## WHAT TO PRODUCE
Your task is to repeat the entries below exactly and to leave their images out.

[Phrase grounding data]
*** Block opens ***

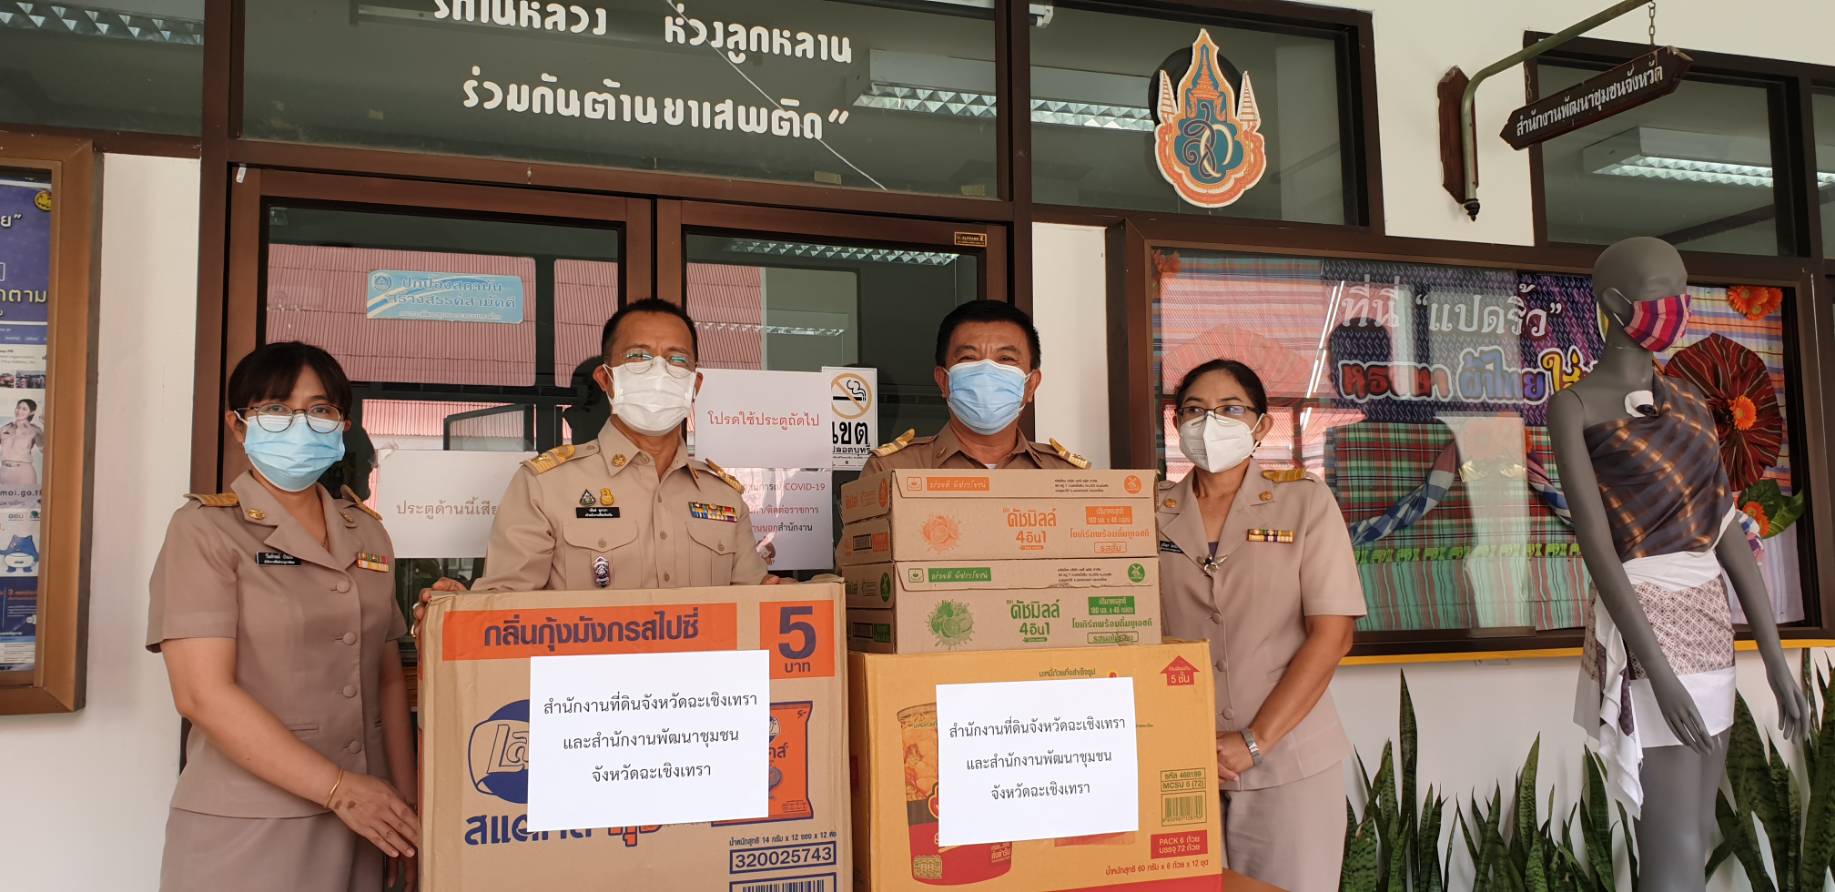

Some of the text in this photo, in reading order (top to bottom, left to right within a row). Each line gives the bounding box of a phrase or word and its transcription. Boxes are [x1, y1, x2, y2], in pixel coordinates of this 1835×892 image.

[664, 4, 852, 64] ห่วงลูกหลาน
[1515, 59, 1664, 137] สำนักงานพัฒนาชุมชนจังหวัด
[1340, 361, 1451, 402] หรษา
[707, 409, 820, 431] โปรดใช้ประตูถัดไป
[784, 482, 826, 492] COVID-19
[1007, 507, 1057, 528] ดัชมิลล์
[1010, 599, 1060, 619] ดัชมิลล์
[484, 606, 700, 653] กลิ่นกุ้งมังกรสไปซี่
[777, 605, 818, 660] 5
[783, 660, 812, 675] บาท
[1170, 674, 1177, 684] 5
[543, 690, 758, 715] สำนักงานที่ดินจังหวัดฉะเชิงเทรา
[949, 715, 1126, 739] สำนักงานที่ดินจังหวัดฉะเชิงเทรา
[562, 727, 740, 751] และสำนักงานพัฒนาชุมชน
[966, 749, 1112, 771] และสำนักงานพัฒนาชุมชน
[591, 763, 712, 783] จังหวัดฉะเชิงเทรา
[991, 781, 1091, 801] จังหวัดฉะเชิงเทรา
[1159, 837, 1178, 846] PACK
[735, 846, 832, 868] 320025743

*** Block closes ***

## TASK RESULT
Some of the text in this photo, in reading order (top to bottom, left to right within a row). Each line gives the bounding box of a phrase or word and its transcription. Boxes are [x1, y1, x2, y2], in pixel coordinates of this 1835×892 image.

[664, 4, 852, 64] ห่วงลูกหลาน
[1515, 59, 1664, 137] สำนักงานพัฒนาชุมชนจังหวัด
[1340, 361, 1451, 402] หรษา
[707, 409, 820, 431] โปรดใช้ประตูถัดไป
[784, 482, 826, 492] COVID-19
[1007, 507, 1057, 528] ดัชมิลล์
[1010, 599, 1060, 619] ดัชมิลล์
[484, 606, 700, 653] กลิ่นกุ้งมังกรสไปซี่
[777, 605, 818, 660] 5
[783, 660, 812, 675] บาท
[1170, 674, 1177, 684] 5
[543, 690, 758, 715] สำนักงานที่ดินจังหวัดฉะเชิงเทรา
[949, 715, 1126, 739] สำนักงานที่ดินจังหวัดฉะเชิงเทรา
[562, 727, 740, 751] และสำนักงานพัฒนาชุมชน
[966, 749, 1112, 771] และสำนักงานพัฒนาชุมชน
[591, 763, 712, 783] จังหวัดฉะเชิงเทรา
[991, 781, 1091, 801] จังหวัดฉะเชิงเทรา
[1159, 837, 1178, 846] PACK
[735, 846, 832, 868] 320025743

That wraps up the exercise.